Friday, June 22, 2007

Harper: Govt. can't comply with Kyoto law.

Lets see. Harper will not ignore the law but then he won't comply with the law either. So he might as well have ignored it. Liberals are not very good horsetraders. They traded passing the Conservative budget for passing a Liberal law that means nothing it seems.

Government can't comply with Kyoto law: PM
Last Updated: Friday, June 22, 2007 | 4:15 PM ET
CBC News
Prime Minister Stephen Harper said he will not ignore a law passed Friday that requires the government to meet Kyoto's emission-reduction targets — but warned that he has no constitutional authority to implement it.

The bill — which gives the government 60 days to table a detailed plan outlining how Canada will reduce its greenhouse gas emissions — was introduced by Liberal backbencher MP Pablo Rodriguez and passed in the House of Commons in February, despite Conservative opposition.

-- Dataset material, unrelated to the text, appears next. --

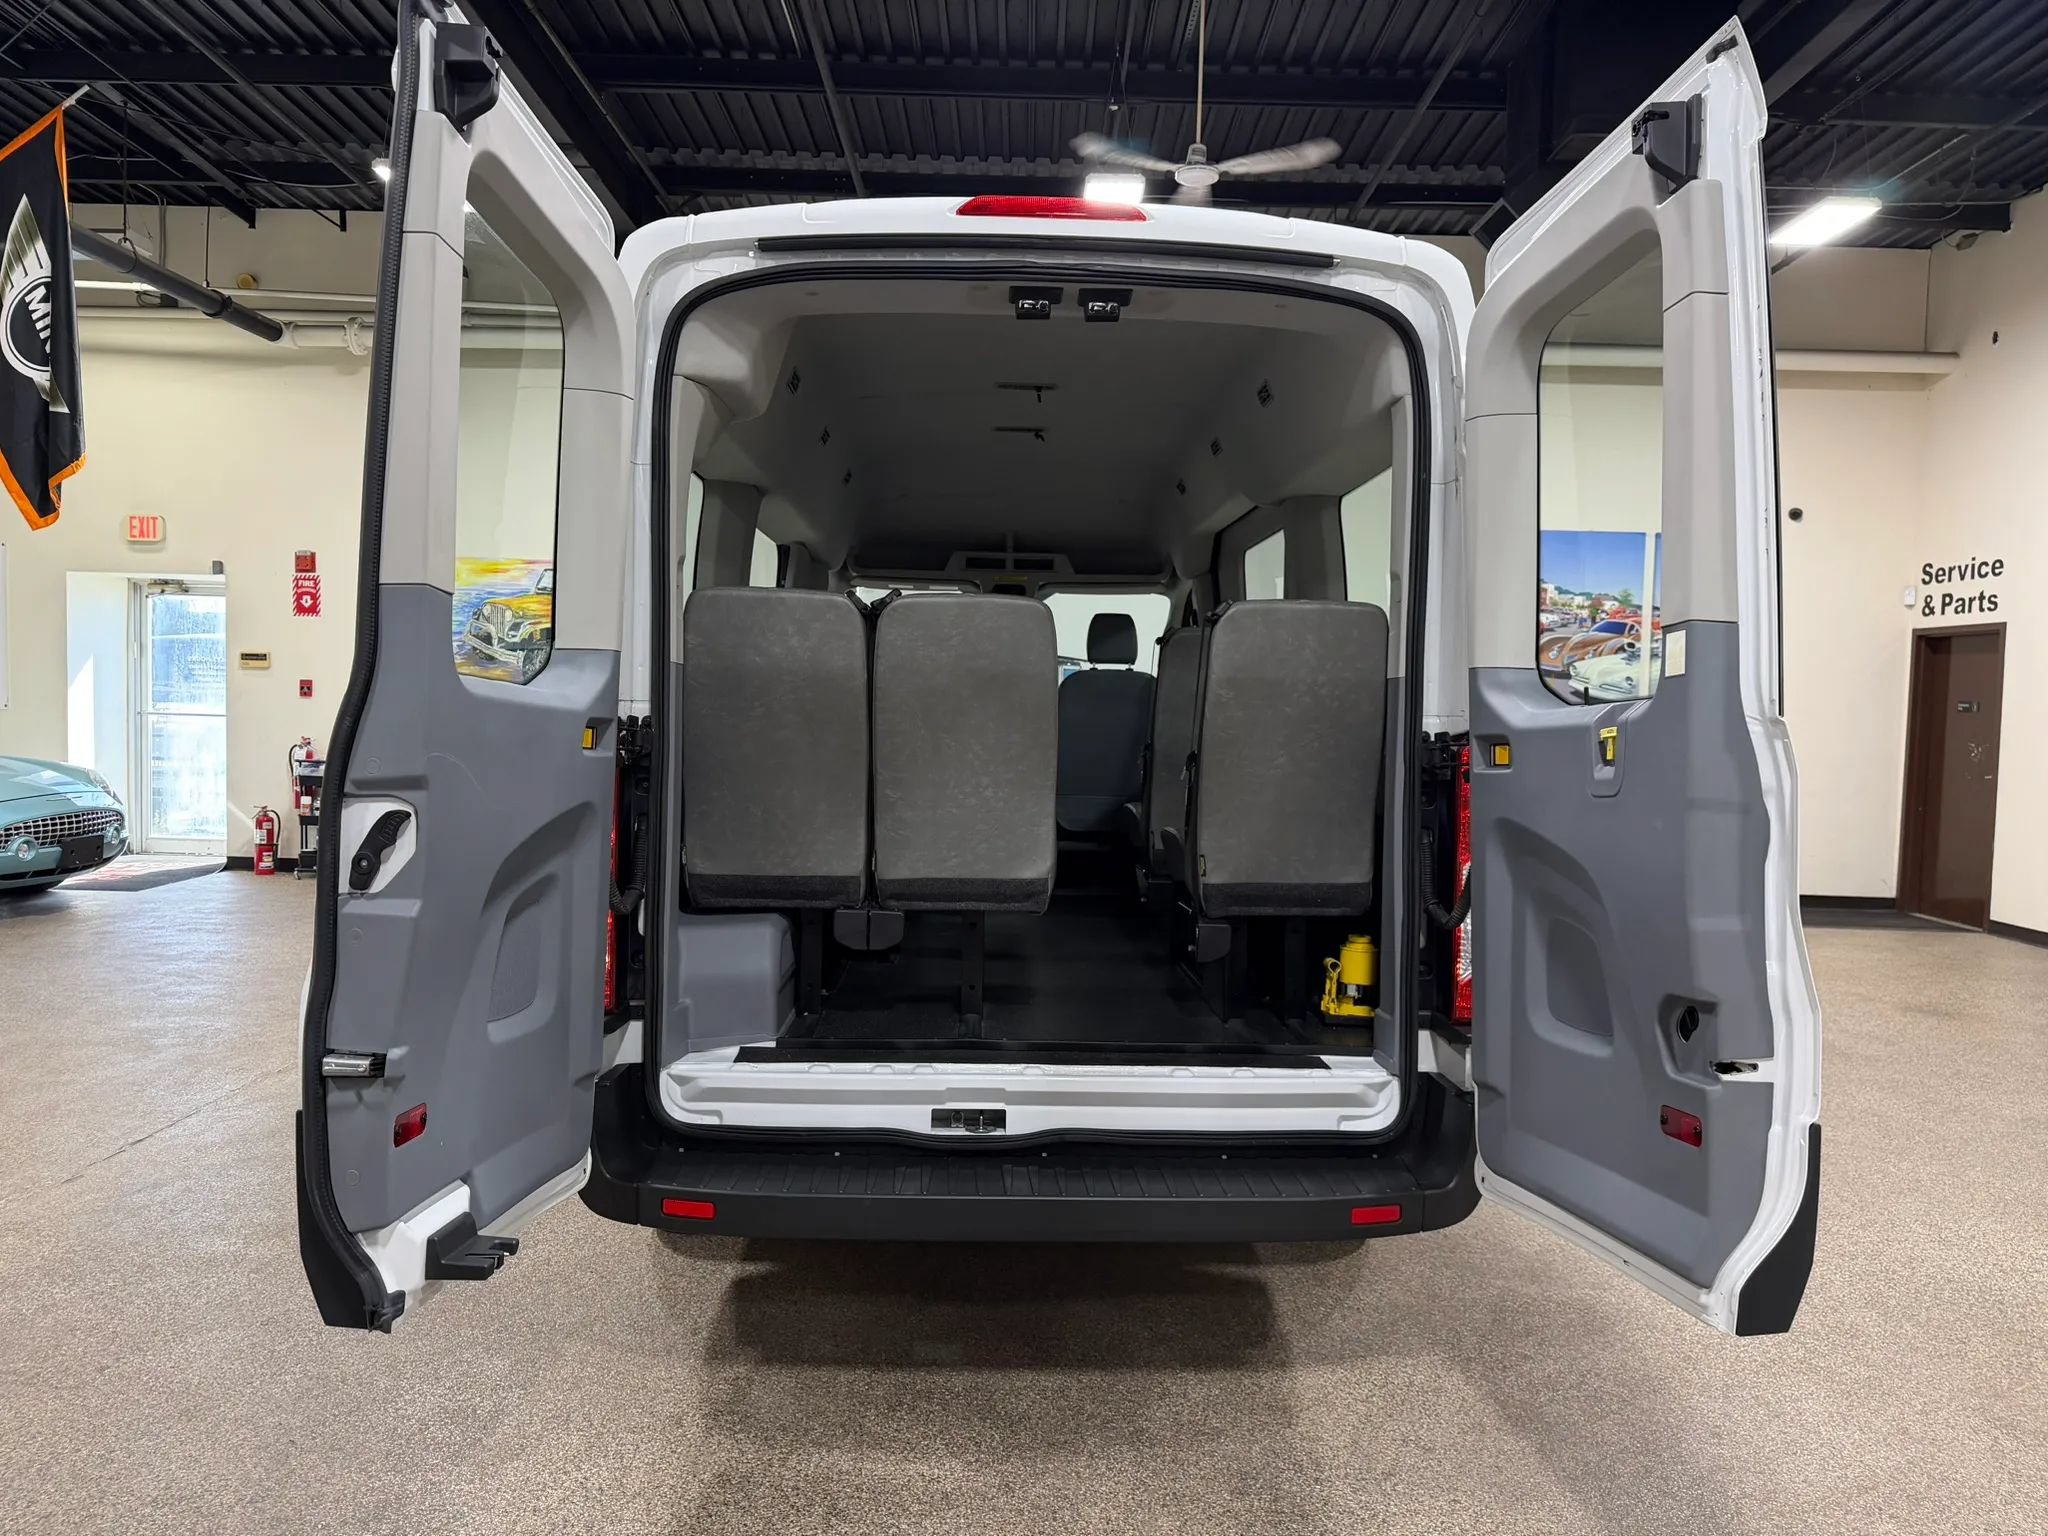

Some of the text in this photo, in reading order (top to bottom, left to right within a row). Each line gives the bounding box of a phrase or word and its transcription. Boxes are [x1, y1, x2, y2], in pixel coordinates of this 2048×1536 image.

[129, 515, 159, 539] EXIT
[1921, 556, 2004, 585] Service
[1921, 590, 1998, 617] & Parts

The Liberal-dominated Senate passed the bill on Friday.

"I'm not saying I'm going to ignore it at all," the prime minister told reporters on Friday.

"But I don't believe that either the House of Commons or the Senate would want to force the government to do something that it doesn't have the constitutional authority to do."

Since the Conservatives came to power in January 2006, Harper has repeatedly said Canada's commitments under Kyoto — signed under a previous Liberal government — are not achievable by the 2012 deadline because it would devastate the economy.

Harper said Friday that the Speaker of the House has ruled the legislation is not a money bill — one that lays out government spending — so there are strict constitutional limitations in terms of what can be achieved.

"The bill cannot impose billions of dollars of costs on the government or on the Canadian economy," he told reporters.

Under the international Kyoto protocol, which was signed by Canada in 1998 and ratified in 2002, the country agreed to reduce greenhouse-gas emissions by six per cent from 1990 levels by 2012.

In an interview with the Canadian Press before the vote, Government House Leader Peter Van Loan also played down the significance of the Kyoto legislation.

"It's a very odd piece of legislation," he said, noting that it commits the government to achieving emission-reduction goals without spending a dime.

He added "there's some similarity" between the bill and a toothless motion passed years ago by Parliament to eliminate child poverty by 2000.

"Abstract goals like that are a tough thing to enforce as a law."

Liberal Leader St├ęphane Dion said Harper should respect the legislation said he won't bring down the Conservative government over the issue.

"There are many, many things that I find wrong in this government. It's not a reason for me to say because these things are wrong, I'm ready to call an election," Dion said.

"At the end of the day this law will be helpful to see how the government is not doing the right thing."


David Wozney said...

Unnecessarily trying to reduce or artificially sequester carbon dioxide emissions wastes energy. Unnecessarily wasting energy harms the environment.

Carbon dioxide is already sequestered naturally. Carbon dioxide released by man near ground level is heavier than air and sinks in air relatively quickly rather than rising up to the upper atmosphere to become a so-called greenhouse gas in the upper atmosphere. While sinking, it stratifies from air; after sinking and stratifying, it tends to remain close to the ground. The carbon dioxide can then dissolve in soil water or alternatively it may find its way down to low-lying water bodies or down to ocean level where it can readily mix and dissolve in water or react with water to form weak carbonic acid. Carbon dioxide is also removed immediately from the lower atmosphere by rainfall.

David Wozney said...

Members of the Senate who voted for the so-called “Kyoto Protocol Implementation Act” had an obligation, before taking their seats, to swear that they would be faithful and bear true allegiance to the King or Queen of the United Kingdom of Great Britain and Ireland.

They swore, or affirmed, that they would be faithful and bear true allegiance to Elizabeth the Second. Elizabeth the Second is not Queen of the United Kingdom of Great Britain and Ireland, contrary to the requirement in this Fifth Schedule.

The provinces of Canada, Nova Scotia and New Brunswick expressed their desire to be federally united into one Dominion under the Crown of the “United Kingdom of Great Britain and Ireland”, not the Crown of the “United Kingdom of Great Britain and Northern Ireland”, according to the British North America Act, 1867.

This calls into question the legality of the “Kyoto Protocol Implementation Act”.